>>>>>
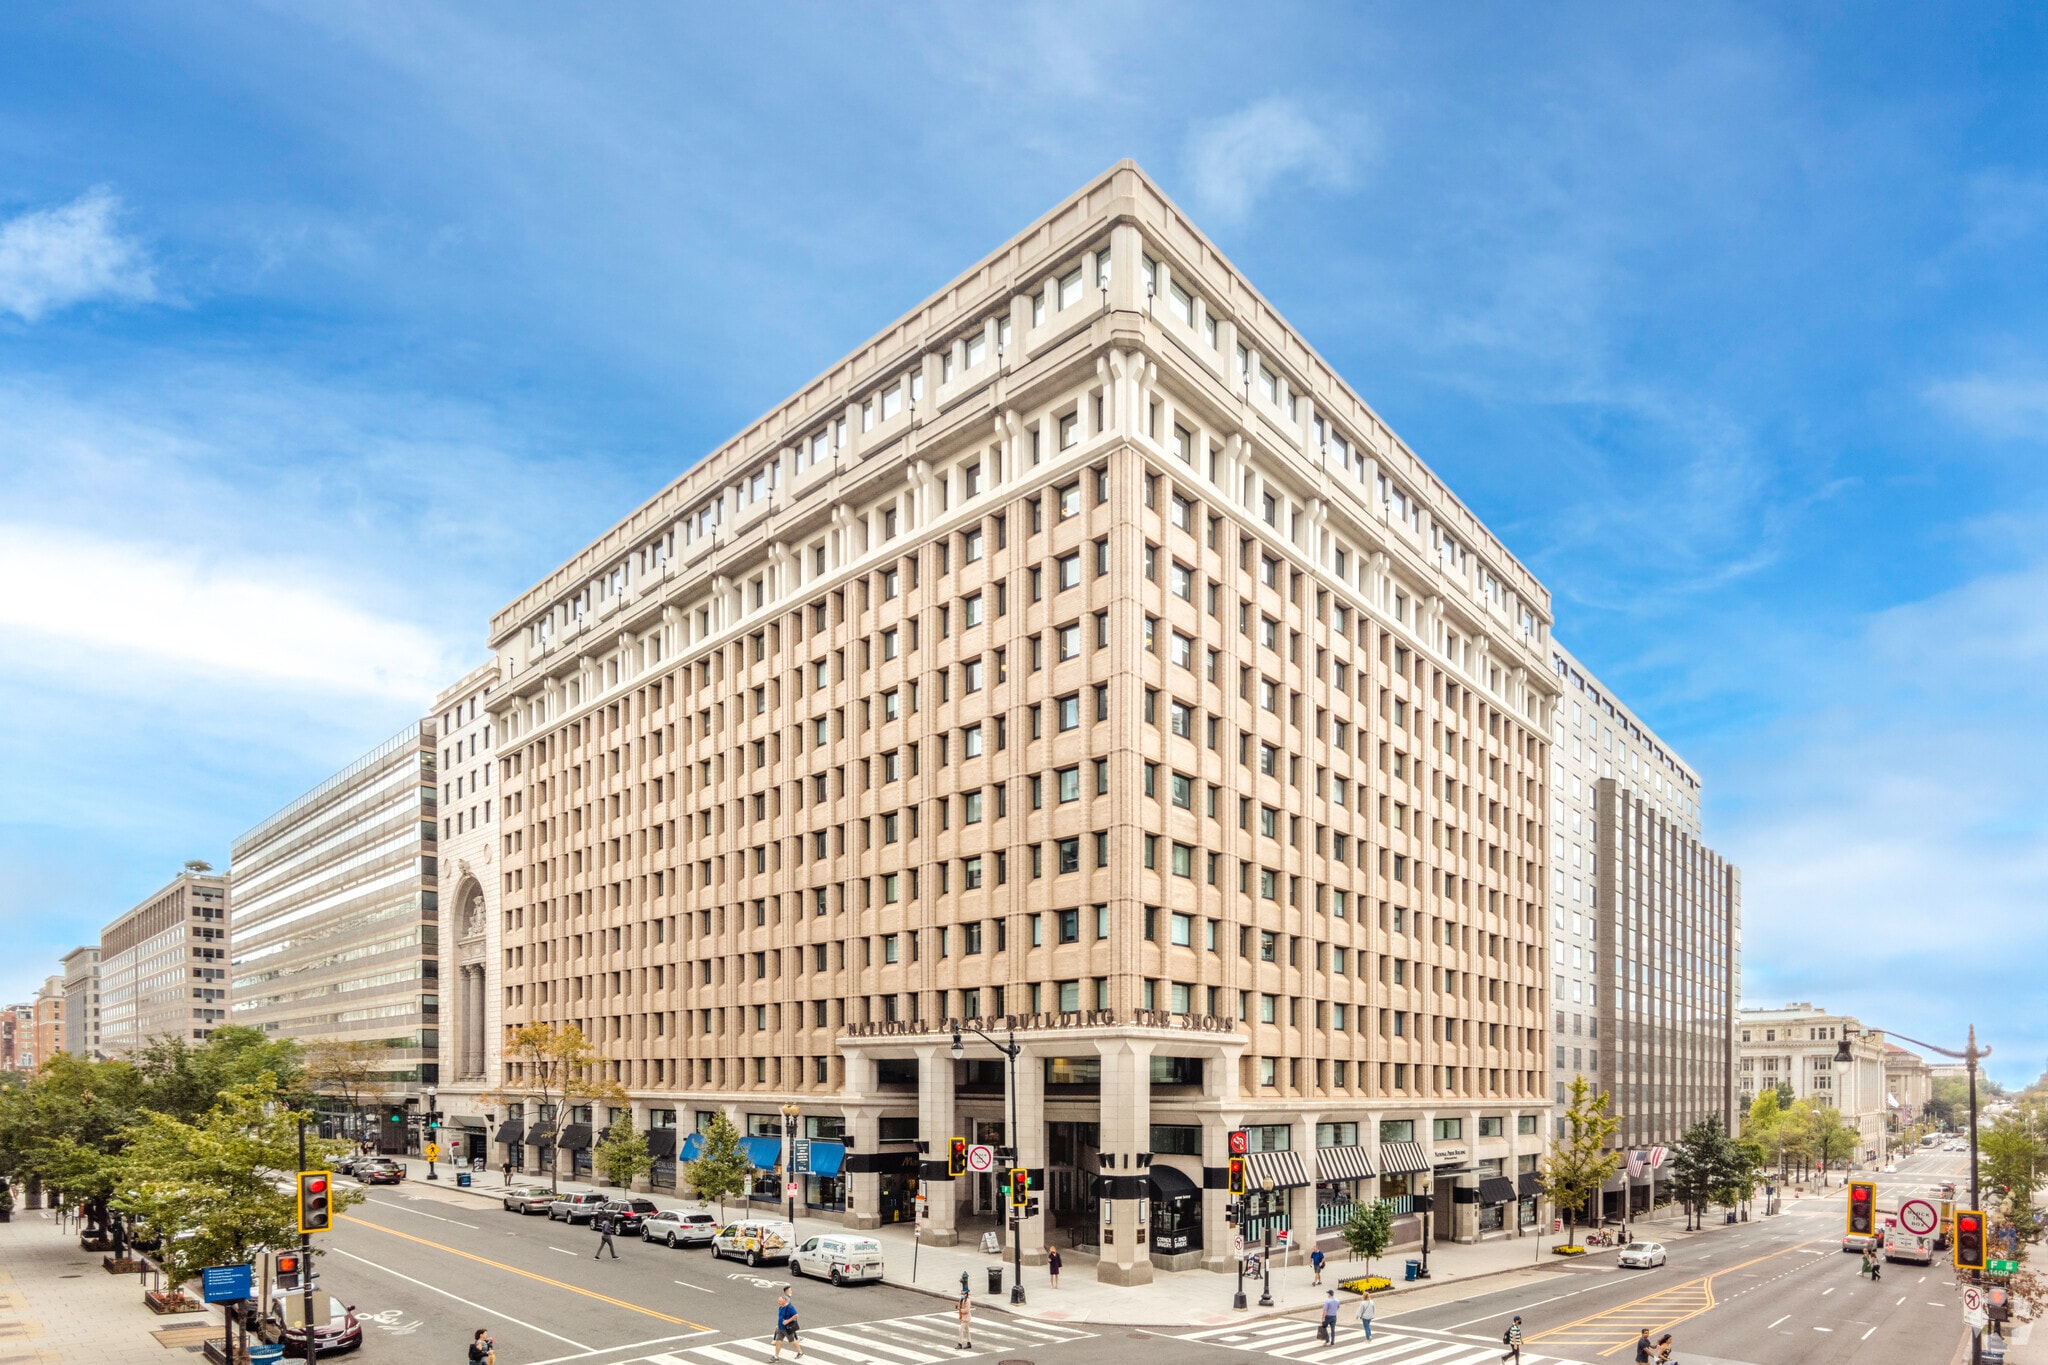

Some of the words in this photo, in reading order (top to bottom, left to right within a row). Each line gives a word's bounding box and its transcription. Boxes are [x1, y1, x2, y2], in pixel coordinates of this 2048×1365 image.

[848, 1019, 929, 1036] NATIONAL
[938, 1015, 996, 1034] PRESS
[1006, 1008, 1114, 1029] BUILDING
[1134, 1008, 1170, 1028] THE
[1182, 1012, 1233, 1033] SHOPS
[1990, 1260, 1998, 1269] F
<<<<<
> **Activity**:
Nothing but an exact transcription of the material, without pictures, should be returned.

> **Output for this task**:
Some of the words in this photo, in reading order (top to bottom, left to right within a row). Each line gives a word's bounding box and its transcription. Boxes are [x1, y1, x2, y2], in pixel coordinates of this 2048×1365 image.

[848, 1019, 929, 1036] NATIONAL
[938, 1015, 996, 1034] PRESS
[1006, 1008, 1114, 1029] BUILDING
[1134, 1008, 1170, 1028] THE
[1182, 1012, 1233, 1033] SHOPS
[1990, 1260, 1998, 1269] F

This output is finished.